* TASK PROMPT: A word-for-word copy of the listing is needed. Retype it in full.

* DATASET EXTRACT:
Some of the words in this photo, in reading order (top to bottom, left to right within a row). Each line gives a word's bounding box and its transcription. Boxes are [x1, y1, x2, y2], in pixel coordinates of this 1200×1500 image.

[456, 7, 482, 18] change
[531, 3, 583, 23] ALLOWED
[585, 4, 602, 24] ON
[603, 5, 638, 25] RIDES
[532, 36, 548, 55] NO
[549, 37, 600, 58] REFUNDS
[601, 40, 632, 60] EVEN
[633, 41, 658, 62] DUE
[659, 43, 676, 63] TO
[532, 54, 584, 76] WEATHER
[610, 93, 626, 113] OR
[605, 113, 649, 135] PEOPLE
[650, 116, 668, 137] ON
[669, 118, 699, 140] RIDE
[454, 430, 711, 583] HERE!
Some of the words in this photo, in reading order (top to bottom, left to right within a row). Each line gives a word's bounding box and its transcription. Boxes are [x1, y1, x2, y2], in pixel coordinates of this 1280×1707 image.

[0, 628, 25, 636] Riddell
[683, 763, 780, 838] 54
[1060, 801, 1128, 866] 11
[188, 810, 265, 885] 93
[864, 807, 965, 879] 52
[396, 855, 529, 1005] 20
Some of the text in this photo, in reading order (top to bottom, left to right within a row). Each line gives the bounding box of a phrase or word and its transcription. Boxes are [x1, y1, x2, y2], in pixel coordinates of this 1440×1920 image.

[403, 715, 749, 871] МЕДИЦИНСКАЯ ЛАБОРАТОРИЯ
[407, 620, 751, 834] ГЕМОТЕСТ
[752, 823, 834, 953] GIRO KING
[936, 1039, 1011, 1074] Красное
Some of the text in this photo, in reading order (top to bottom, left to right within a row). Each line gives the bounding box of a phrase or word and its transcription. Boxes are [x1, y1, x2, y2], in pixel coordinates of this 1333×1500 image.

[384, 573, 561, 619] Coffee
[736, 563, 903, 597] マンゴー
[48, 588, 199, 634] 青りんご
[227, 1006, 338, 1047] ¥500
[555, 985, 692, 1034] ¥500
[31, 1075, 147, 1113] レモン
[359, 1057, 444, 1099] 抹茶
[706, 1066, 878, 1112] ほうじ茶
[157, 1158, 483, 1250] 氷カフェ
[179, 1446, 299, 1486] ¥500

* WRITTEN ANSWER:
Some of the words in this photo, in reading order (top to bottom, left to right within a row). Each line gives a word's bounding box and its transcription. Boxes are [x1, y1, x2, y2], in pixel coordinates of this 1200×1500 image.

[456, 7, 482, 18] change
[531, 3, 583, 23] ALLOWED
[585, 4, 602, 24] ON
[603, 5, 638, 25] RIDES
[532, 36, 548, 55] NO
[549, 37, 600, 58] REFUNDS
[601, 40, 632, 60] EVEN
[633, 41, 658, 62] DUE
[659, 43, 676, 63] TO
[532, 54, 584, 76] WEATHER
[610, 93, 626, 113] OR
[605, 113, 649, 135] PEOPLE
[650, 116, 668, 137] ON
[669, 118, 699, 140] RIDE
[454, 430, 711, 583] HERE!
Some of the words in this photo, in reading order (top to bottom, left to right within a row). Each line gives a word's bounding box and its transcription. Boxes are [x1, y1, x2, y2], in pixel coordinates of this 1280×1707 image.

[0, 628, 25, 636] Riddell
[683, 763, 780, 838] 54
[1060, 801, 1128, 866] 11
[188, 810, 265, 885] 93
[864, 807, 965, 879] 52
[396, 855, 529, 1005] 20
Some of the text in this photo, in reading order (top to bottom, left to right within a row). Each line gives the bounding box of a phrase or word and its transcription. Boxes are [x1, y1, x2, y2], in pixel coordinates of this 1440×1920 image.

[403, 715, 749, 871] МЕДИЦИНСКАЯ ЛАБОРАТОРИЯ
[407, 620, 751, 834] ГЕМОТЕСТ
[752, 823, 834, 953] GIRO KING
[936, 1039, 1011, 1074] Красное
Some of the text in this photo, in reading order (top to bottom, left to right within a row). Each line gives the bounding box of a phrase or word and its transcription. Boxes are [x1, y1, x2, y2], in pixel coordinates of this 1333×1500 image.

[384, 573, 561, 619] Coffee
[736, 563, 903, 597] マンゴー
[48, 588, 199, 634] 青りんご
[227, 1006, 338, 1047] ¥500
[555, 985, 692, 1034] ¥500
[31, 1075, 147, 1113] レモン
[359, 1057, 444, 1099] 抹茶
[706, 1066, 878, 1112] ほうじ茶
[157, 1158, 483, 1250] 氷カフェ
[179, 1446, 299, 1486] ¥500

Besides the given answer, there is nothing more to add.